You show such courage and determination ... I don't think I could handle something like this.
hugs,
Lary
Lary
I'm not so sure I can handle it , either. Was up from 2 30 on last night with the burning. Wandered the house at 3 30, trying to get my mind off the burning. Am solidly into that line between survival mode and despair mode.
Pris,
I got the post you left at ovenheads... thanks for the encouragement. But, no email... am wondering where you sent it? I sense the heart of your thanks from the few words written here... how unusual for me to count someone I do not really know a friend, and yet you are that.

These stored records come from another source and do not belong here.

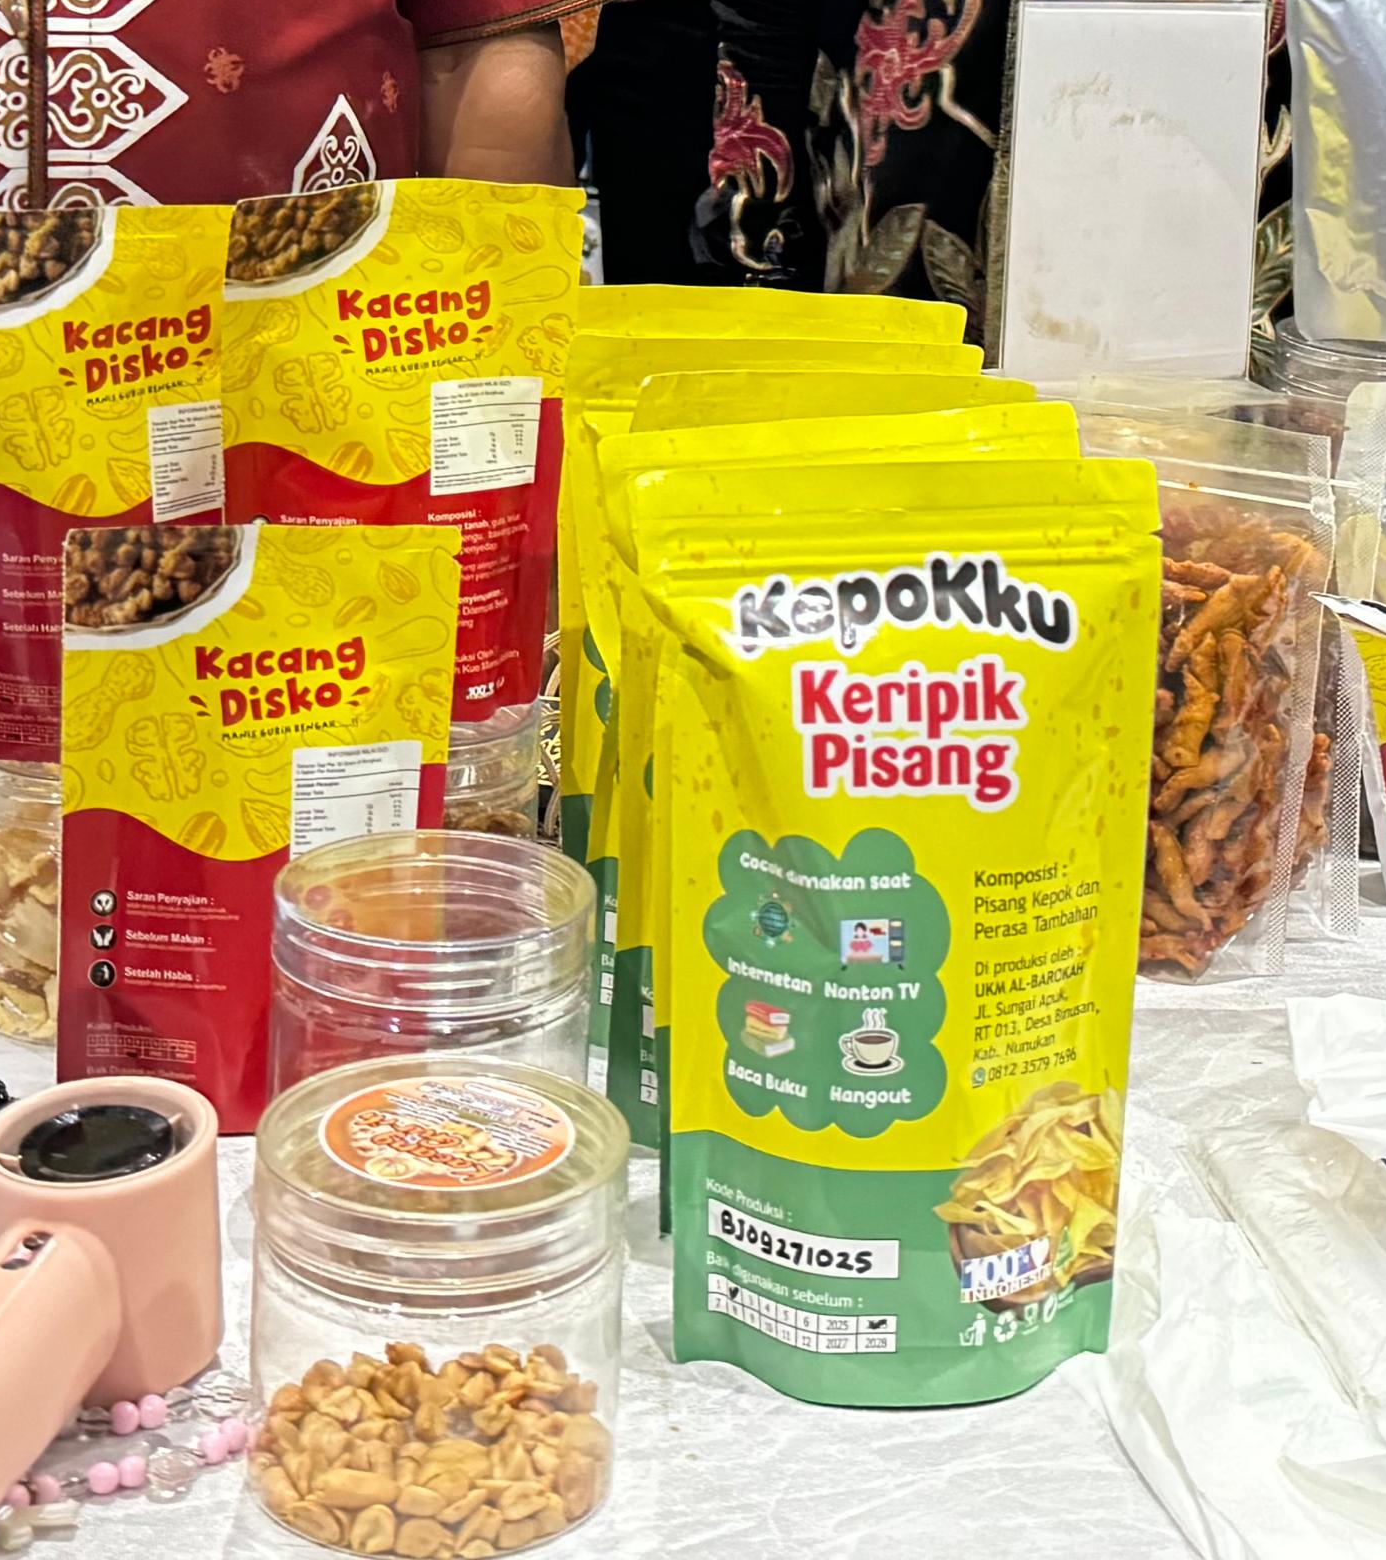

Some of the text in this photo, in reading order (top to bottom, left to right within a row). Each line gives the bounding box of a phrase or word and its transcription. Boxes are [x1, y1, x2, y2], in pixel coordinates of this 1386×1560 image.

[337, 280, 491, 321] Kacang
[62, 304, 211, 354] Kacang
[362, 319, 469, 363] Disko
[84, 344, 189, 393] Disko
[194, 636, 366, 682] Kacang
[220, 678, 342, 727] Disko
[799, 662, 1019, 739] Keripik
[812, 733, 1012, 803] Pisang
[870, 871, 912, 890] saat
[974, 862, 1058, 889] Komposisi
[127, 890, 208, 906] Saran Penyajian
[974, 880, 1099, 914] Pisang Kepok dan
[125, 930, 205, 945] Sebelum Makan
[974, 904, 1098, 940] Perasa Tambahan
[124, 966, 193, 982] Setelah Habis
[728, 957, 813, 995] Internetan
[975, 961, 988, 976] Di
[993, 952, 1047, 977] produksi
[975, 961, 1084, 998] UKM AL-BAROKAH
[824, 980, 921, 1001] Nonton TV
[996, 996, 1036, 1016] Sungai
[974, 1025, 992, 1041] RT
[1025, 1014, 1052, 1031] Desa
[1005, 1033, 1056, 1056] Nunukan
[728, 1059, 807, 1099] Baca Buku
[989, 1062, 1017, 1081] 0812
[829, 1085, 912, 1109] Hangout
[706, 1178, 784, 1219] Kode Produksi
[720, 1209, 873, 1274] BJ09271025
[793, 1288, 854, 1308] sebelum
[826, 1319, 849, 1330] 2025
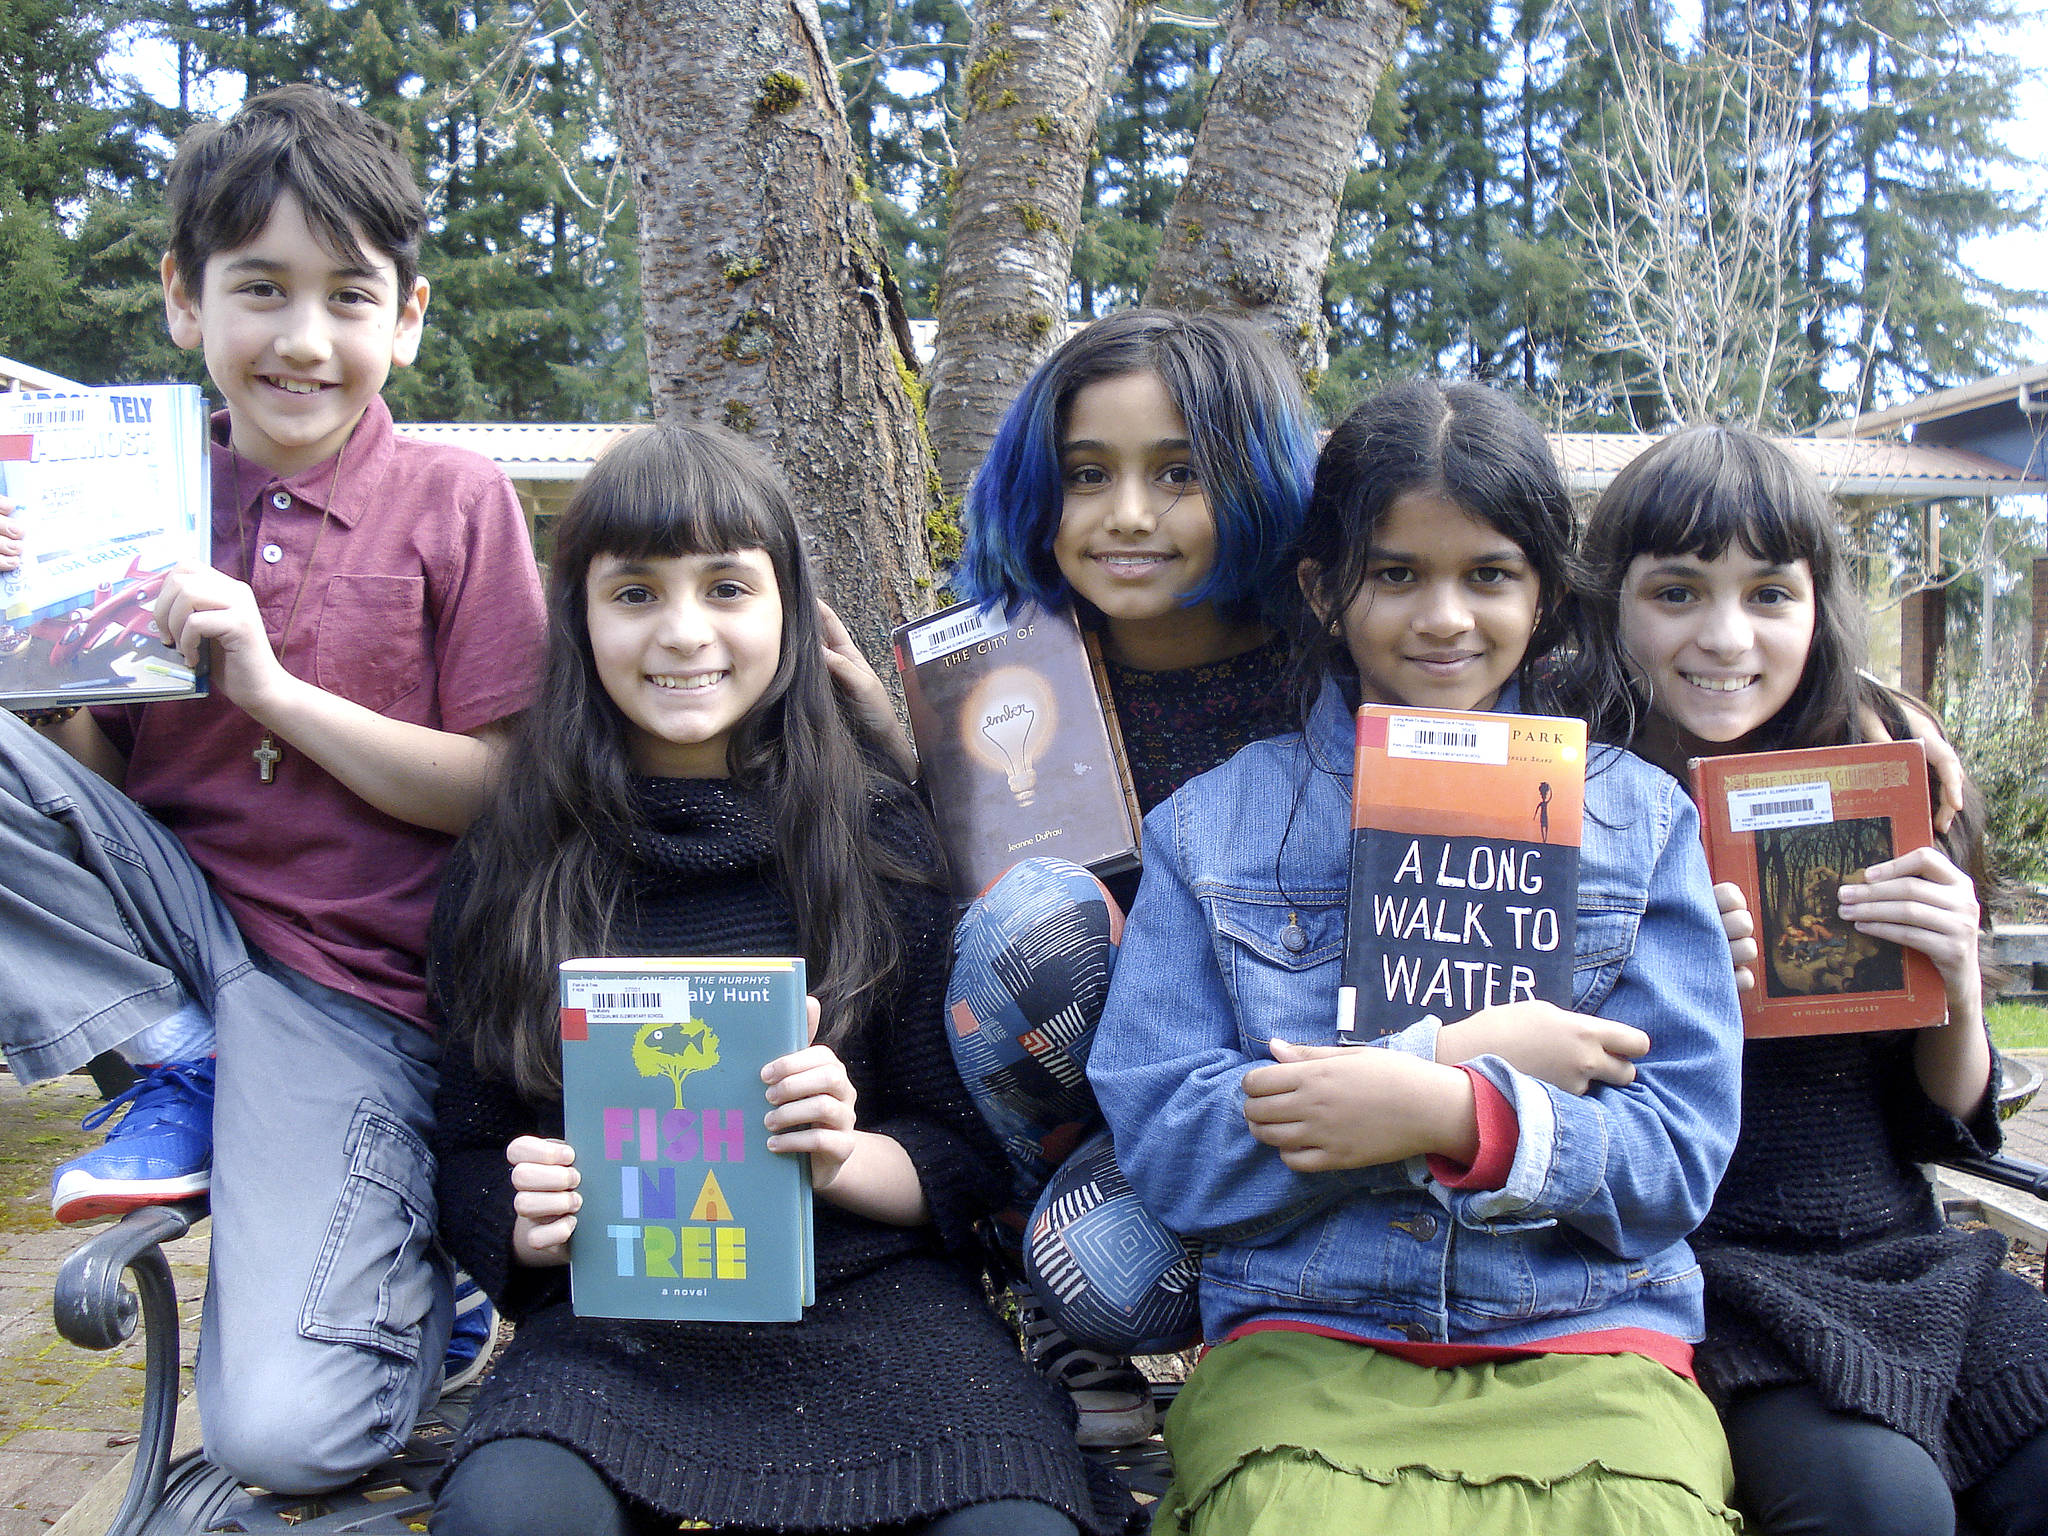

Feel better, still praying...
hi erin
i count you as a friend, too. strange and nice how these things happen. i think i know what happened to the email. i sent it as a reply to the comment notification instead of clicking on your profile and going via mail there...sure that's what happend, in fact, since I had an odd 'mail cannot be delivered' thingie in my box later.
you take care, too.
Hey Pris, you are the bravest person I know. A tough cookie. Hang in there, I am here for you. You know that I know how difficult breathing can be at times. Keep working on it. B xx
Hi B
Yes, I do know you understand that part first-hand, having lived with it. My breathing is better in general now. It's the burning that's most difficult to handle. God, let this round of antibiotics do the job!
Pris, I wish I believed in prayer, so I could pray for you! As it is, you know that you are constantly in my, and Jill's thoughts.
How you keep writing this blog, and keep up with emails, knowing what you're going through, I just can't comprehend. You make me feel inadequate (not a feeling I'm used to lol) and I never complain about my little aches and pains now. Love from G & J.
Oh G...you always help and make me feel good. And goodness, you have reasons to complain, too, so please do so. And love back to you and Jill!!!